Chicken breed selection can be a confusing prospect for the modern small farm laying flock. Sex-link birds will give you a great many light brown-shelled eggs of fair size right now, but they won’t build a sustainable and enduring flock.

Locate the purest possible sources of a breed’s genetics. The longer a particular flock’s history is, the better.

Small producers often need to do a better job of presenting their eggs for sale. Even if a flock is made up of all heirloom breeds, a badly mixed-up flock will not produce uniform eggs for sale, produce predictable replacements or foster a positive image.

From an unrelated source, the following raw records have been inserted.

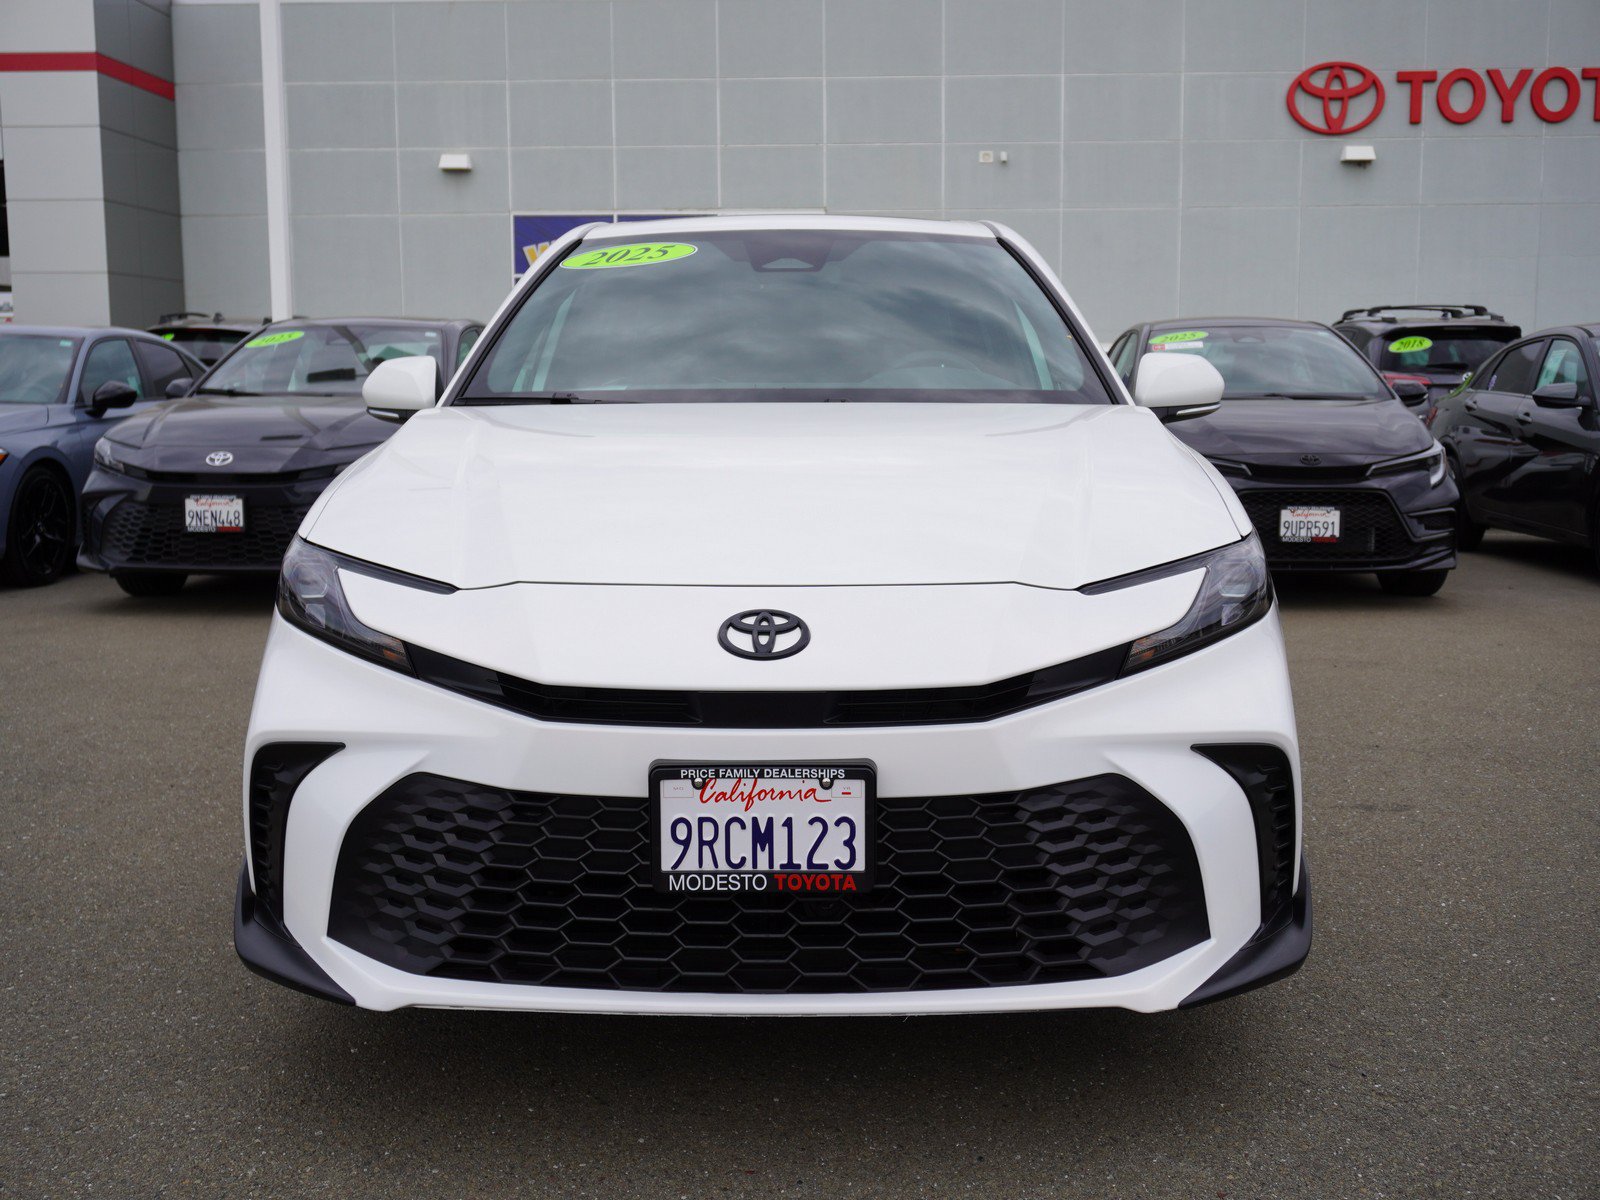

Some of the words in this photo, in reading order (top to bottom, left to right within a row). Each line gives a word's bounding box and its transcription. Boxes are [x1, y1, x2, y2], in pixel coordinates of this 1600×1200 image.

[579, 244, 676, 266] 2025
[188, 509, 241, 528] 9NEN448
[1283, 520, 1336, 538] 9UPR591
[680, 768, 716, 779] PRICE
[719, 768, 760, 778] FAMILY
[764, 768, 845, 779] DEALERSHIPS
[699, 777, 832, 812] California
[670, 816, 857, 870] 9RCM123
[668, 873, 768, 891] MODESTO
[774, 874, 857, 891] TOYOTA
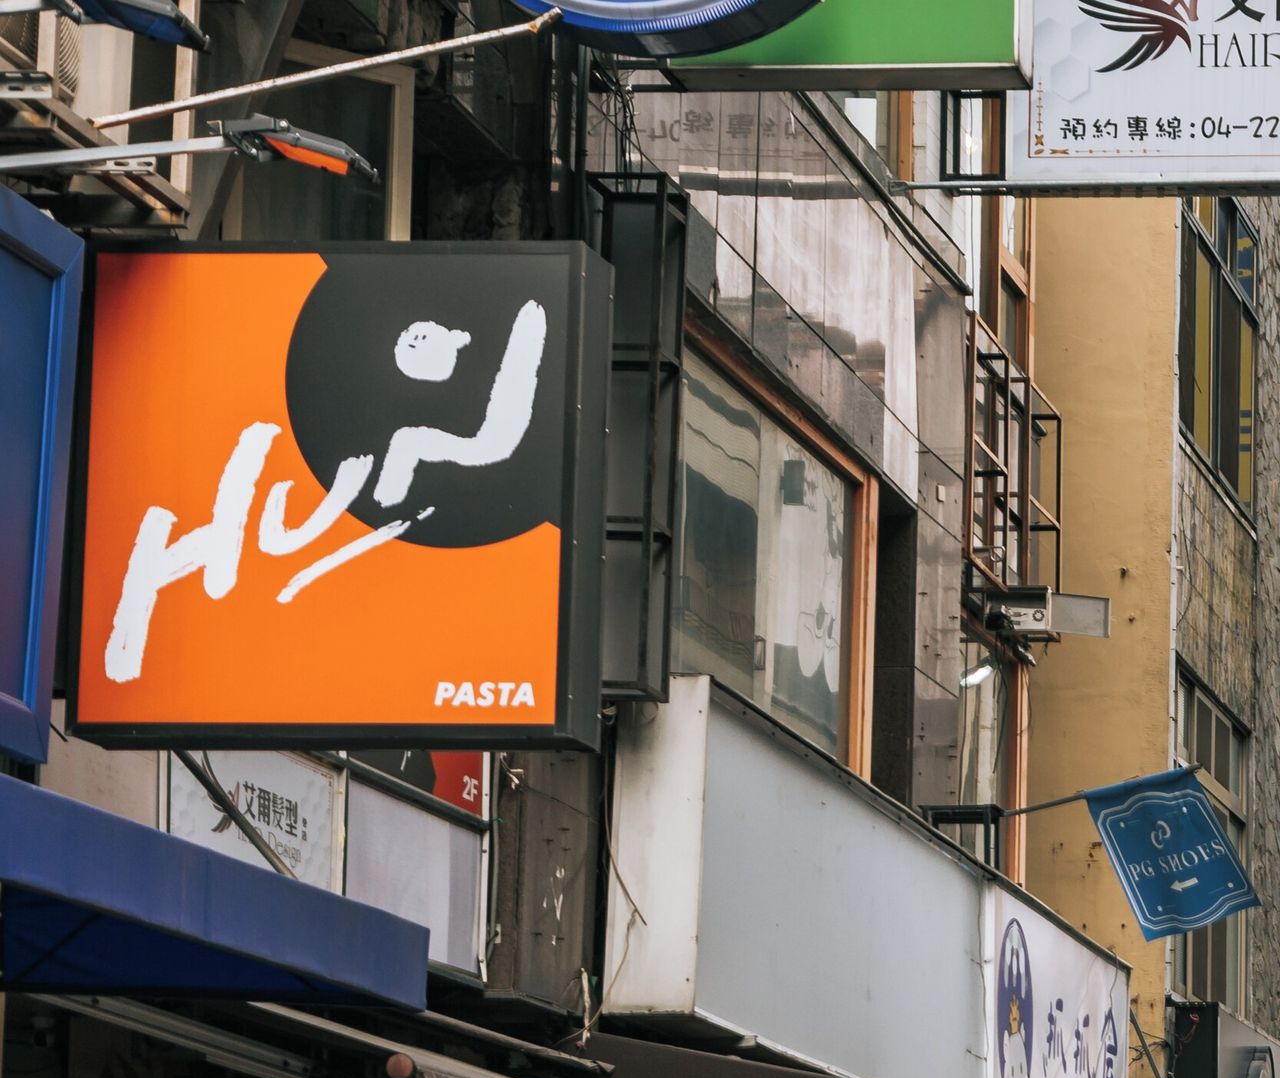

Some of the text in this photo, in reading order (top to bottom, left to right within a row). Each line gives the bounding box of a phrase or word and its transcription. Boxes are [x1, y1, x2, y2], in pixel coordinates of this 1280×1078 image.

[433, 681, 536, 708] PASTA
[462, 774, 479, 802] 2F
[1159, 838, 1226, 876] SHOES
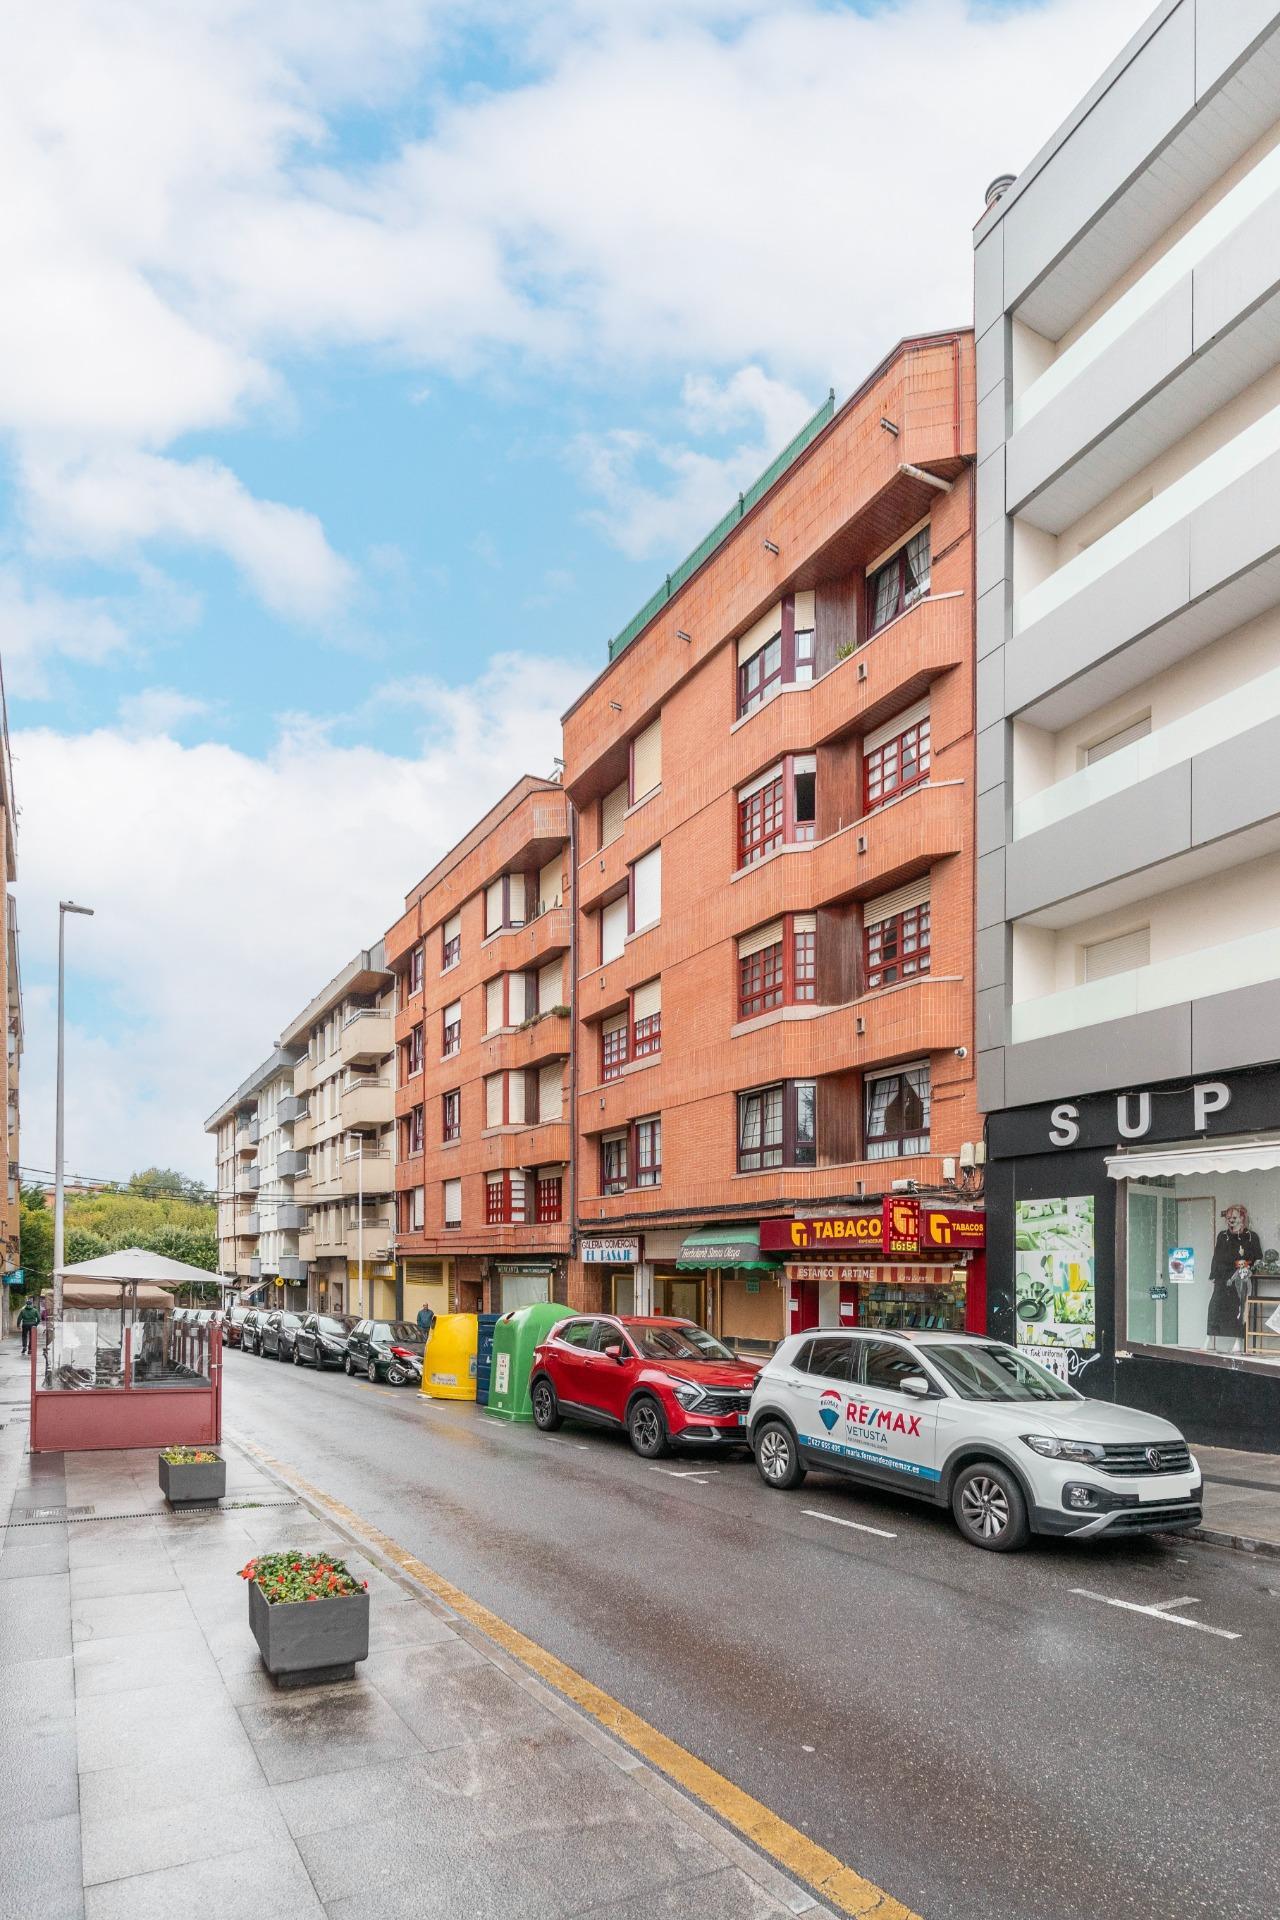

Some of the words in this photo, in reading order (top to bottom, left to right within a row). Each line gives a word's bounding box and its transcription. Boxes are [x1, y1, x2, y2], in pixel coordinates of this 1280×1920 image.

[812, 1219, 883, 1239] TABACO
[952, 1222, 984, 1232] TABACOS
[581, 1239, 603, 1249] GALERIA
[604, 1238, 638, 1249] COMERCIAL
[890, 1240, 917, 1252] 16:54
[586, 1250, 596, 1261] EL
[600, 1249, 633, 1261] PASAJE
[799, 1268, 834, 1278] ESTANCO
[841, 1268, 875, 1279] ARTIME
[846, 1402, 922, 1437] RE/MAX
[847, 1425, 888, 1443] VETUSTA

A friend says such flocks look like “grandma’s chicken yard.”

An egg is an egg once the shell is removed and no one will prosper by fostering and spreading old wives’ tales and misinformation. The white-shelled egg deserves the small-scale producer’s consideration every bit as much as the brown-shelled variety.

A good laying flock with a purebred basis is a long-term pursuit. Don’t take up heirloom birds on a whim and then neglect or let them go after a season or two. Such birds seldom make it to another set of caring hands with any sort  of commitment to their preservation as  a breed.

Heirloom breed producers can and should function in a number of different roles. Yet, even with a single focus, be it meat, eggs or seedstock, each flock and producer will have its own unique nature. A part of the task is to know your breed or breeds fully and even more so the birds that make up the actual flocks. A White Wyandotte and Rosecomb White Leghorn have a great many similarities, but all must admit that they were bred and refined for two rather different tasks in life. If you have a good market for light brown eggs in fair numbers and some demand for broilers or roasters, then the White Wyandotte should be your choice of the two breeds. While Leghorn cockerels were my grandmother’s favorite choice of young birds to fry in her day, the Leghorn must be your breed of choice for eggs in greater numbers.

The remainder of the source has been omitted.